EXERCISE BRIEF
Nothing but the text of the records should come back; copy it exactly and leave the pictures out.

RECORDS FOR THIS EXERCISE

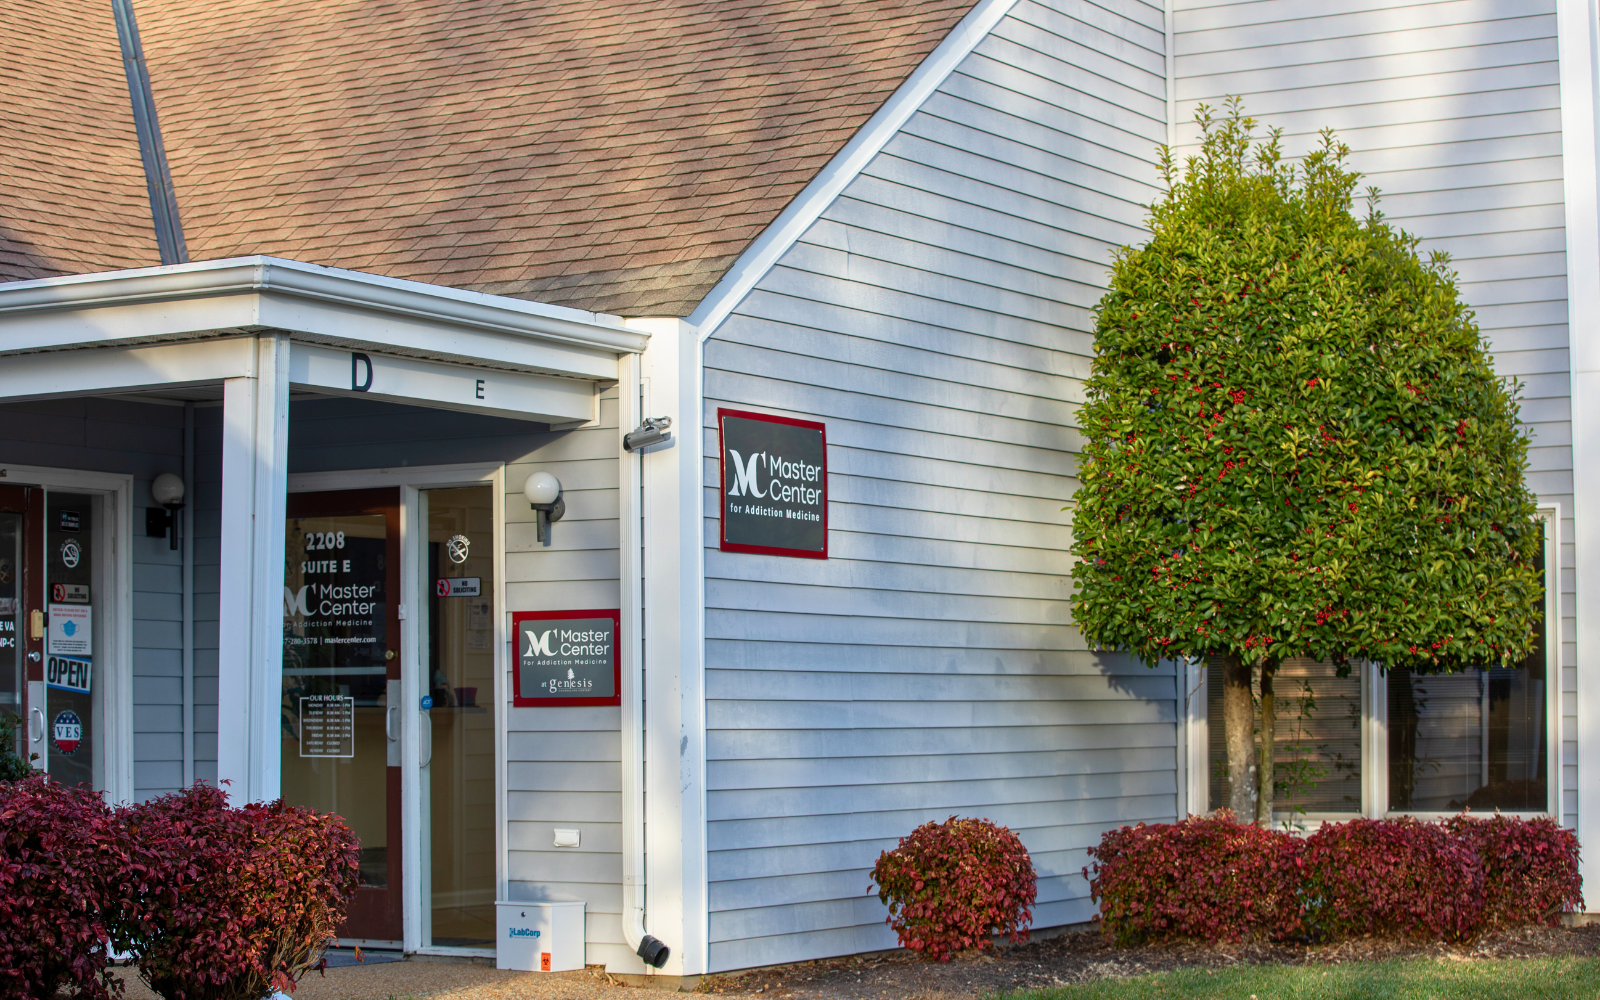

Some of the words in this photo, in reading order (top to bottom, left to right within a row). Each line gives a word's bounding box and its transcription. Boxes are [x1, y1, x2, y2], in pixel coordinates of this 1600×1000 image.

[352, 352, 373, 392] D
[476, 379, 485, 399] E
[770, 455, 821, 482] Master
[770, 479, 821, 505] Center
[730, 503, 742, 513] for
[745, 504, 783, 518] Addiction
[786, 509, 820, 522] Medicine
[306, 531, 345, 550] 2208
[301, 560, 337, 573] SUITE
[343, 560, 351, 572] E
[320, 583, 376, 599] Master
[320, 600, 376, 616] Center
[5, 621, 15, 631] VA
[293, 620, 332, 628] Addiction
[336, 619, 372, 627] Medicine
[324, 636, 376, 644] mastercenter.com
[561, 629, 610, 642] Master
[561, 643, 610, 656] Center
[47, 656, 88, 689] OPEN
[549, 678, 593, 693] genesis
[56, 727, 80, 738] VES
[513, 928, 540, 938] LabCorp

ANSWER TO THE EXERCISE
Some of the words in this photo, in reading order (top to bottom, left to right within a row). Each line gives a word's bounding box and its transcription. Boxes are [x1, y1, x2, y2], in pixel coordinates of this 1600×1000 image.

[352, 352, 373, 392] D
[476, 379, 485, 399] E
[770, 455, 821, 482] Master
[770, 479, 821, 505] Center
[730, 503, 742, 513] for
[745, 504, 783, 518] Addiction
[786, 509, 820, 522] Medicine
[306, 531, 345, 550] 2208
[301, 560, 337, 573] SUITE
[343, 560, 351, 572] E
[320, 583, 376, 599] Master
[320, 600, 376, 616] Center
[5, 621, 15, 631] VA
[293, 620, 332, 628] Addiction
[336, 619, 372, 627] Medicine
[324, 636, 376, 644] mastercenter.com
[561, 629, 610, 642] Master
[561, 643, 610, 656] Center
[47, 656, 88, 689] OPEN
[549, 678, 593, 693] genesis
[56, 727, 80, 738] VES
[513, 928, 540, 938] LabCorp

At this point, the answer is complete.